WHAT YOU NEED TO DO:
Print every record exactly, but leave out the pictures.

********************

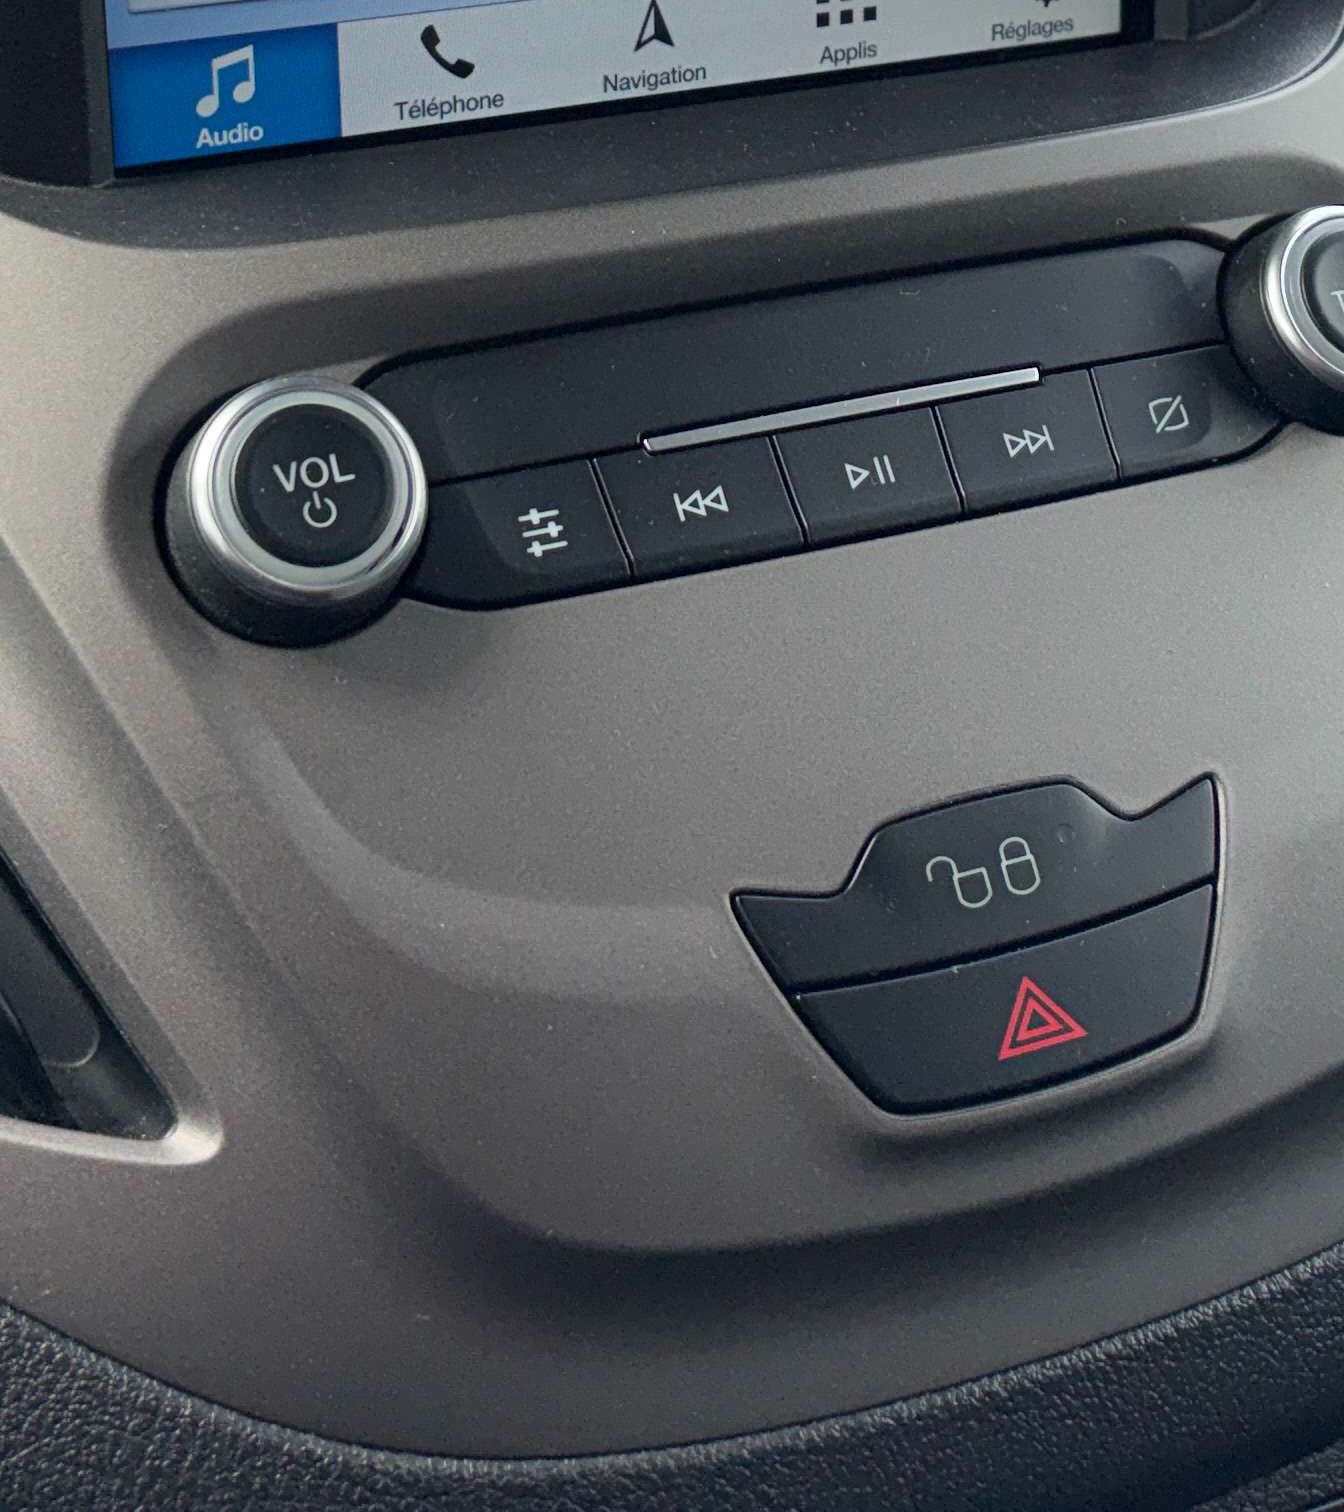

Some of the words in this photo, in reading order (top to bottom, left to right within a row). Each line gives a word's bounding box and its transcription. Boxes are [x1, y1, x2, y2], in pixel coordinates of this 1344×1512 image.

[991, 16, 1074, 44] Réglages
[820, 41, 878, 65] Applis
[603, 63, 707, 93] Navigation
[394, 91, 505, 122] Téléphone
[195, 122, 264, 149] Audio
[273, 455, 355, 494] VOL
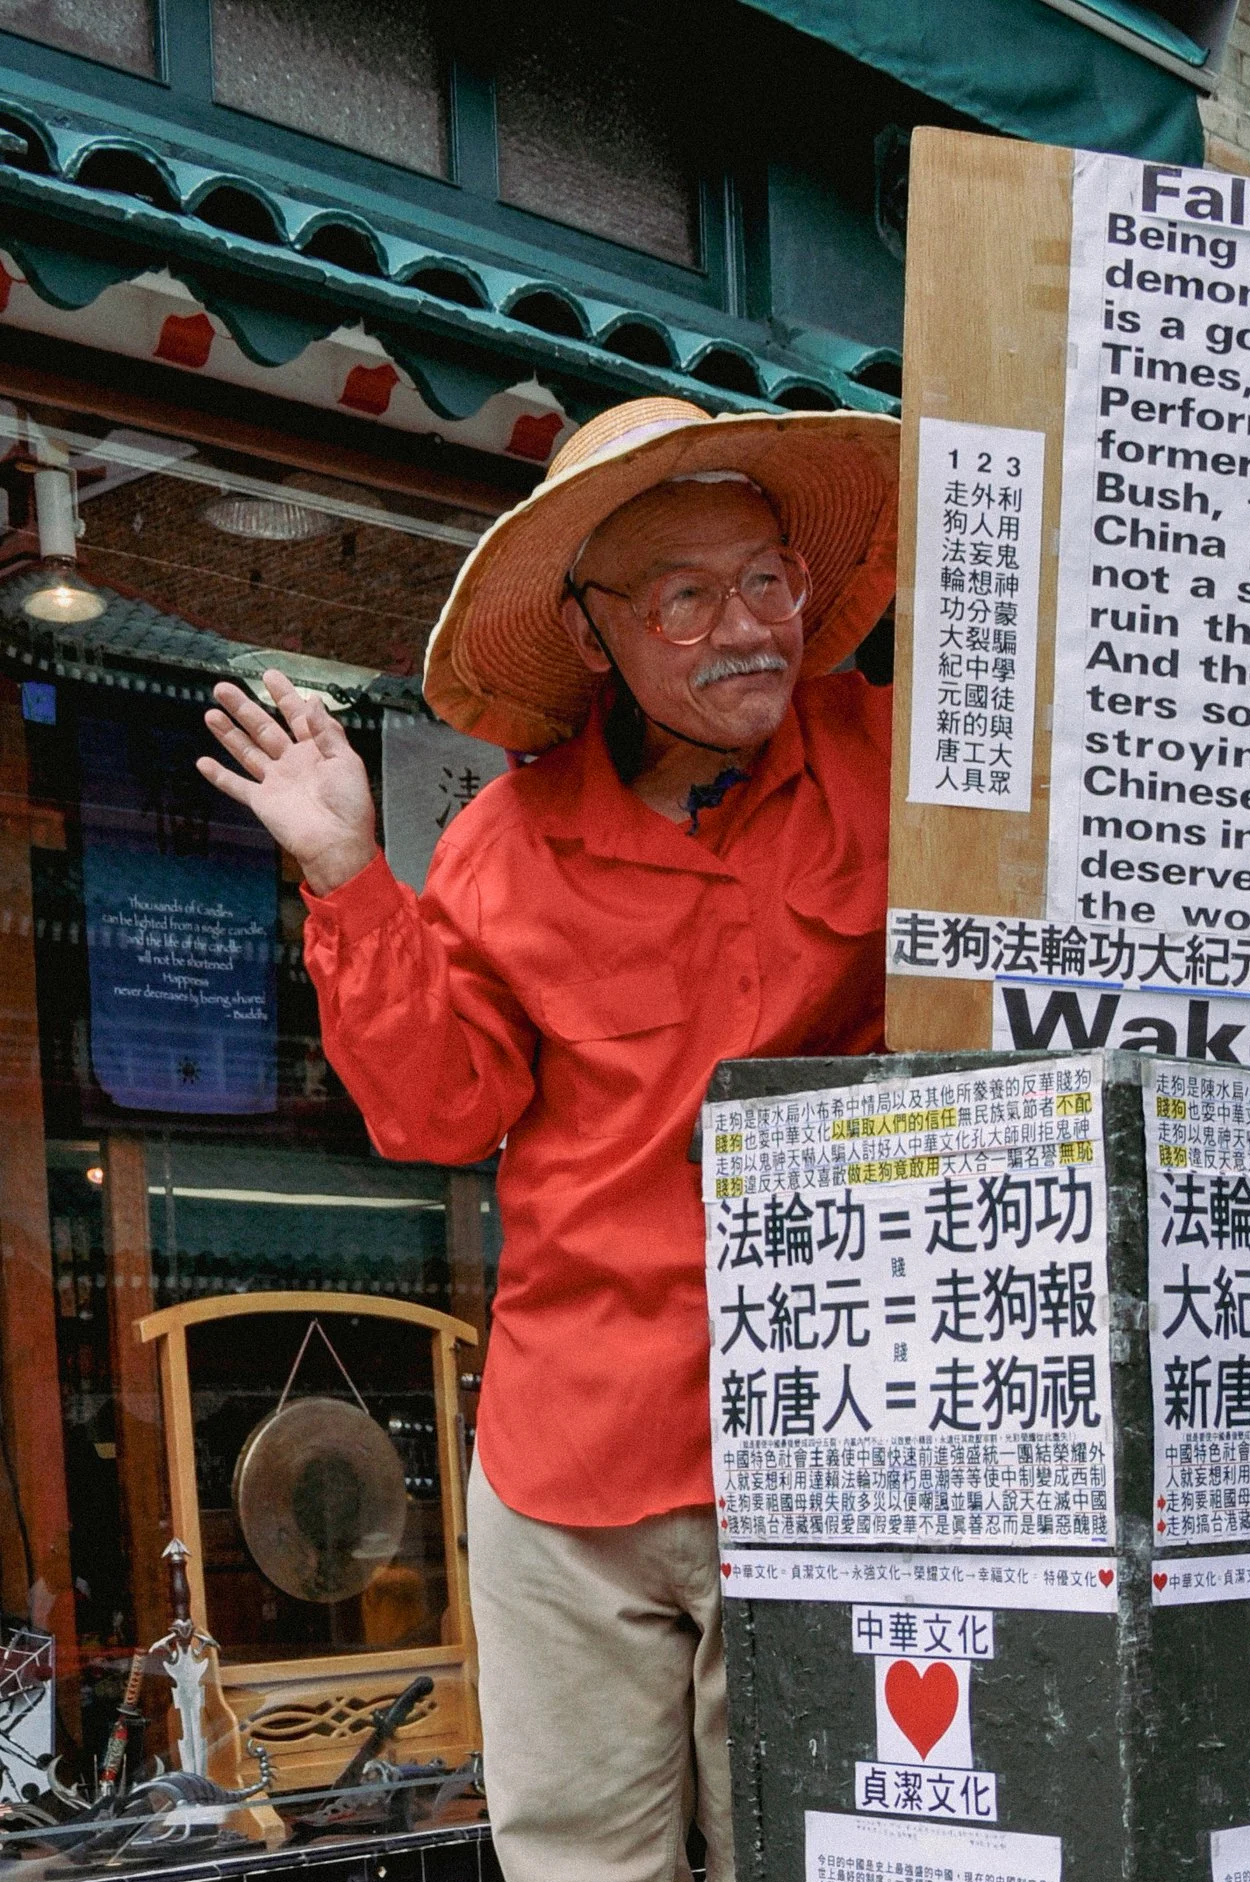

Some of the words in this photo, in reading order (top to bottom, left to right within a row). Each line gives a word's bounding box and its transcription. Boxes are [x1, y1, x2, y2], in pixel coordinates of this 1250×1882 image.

********************

SOLUTION FOR THIS TASK:
Some of the words in this photo, in reading order (top to bottom, left to right within a row). Each line gives a word's bounding box and its transcription. Boxes are [x1, y1, x2, y2], in pixel coordinates of this 1344×1512 image.

[991, 16, 1074, 44] Réglages
[820, 41, 878, 65] Applis
[603, 63, 707, 93] Navigation
[394, 91, 505, 122] Téléphone
[195, 122, 264, 149] Audio
[273, 455, 355, 494] VOL

Some of the words in this photo, in reading order (top to bottom, left to right within a row). Each line gives a word's bounding box and its transcription. Boxes are [x1, y1, x2, y2], in pixel coordinates of this 1250×1882 image.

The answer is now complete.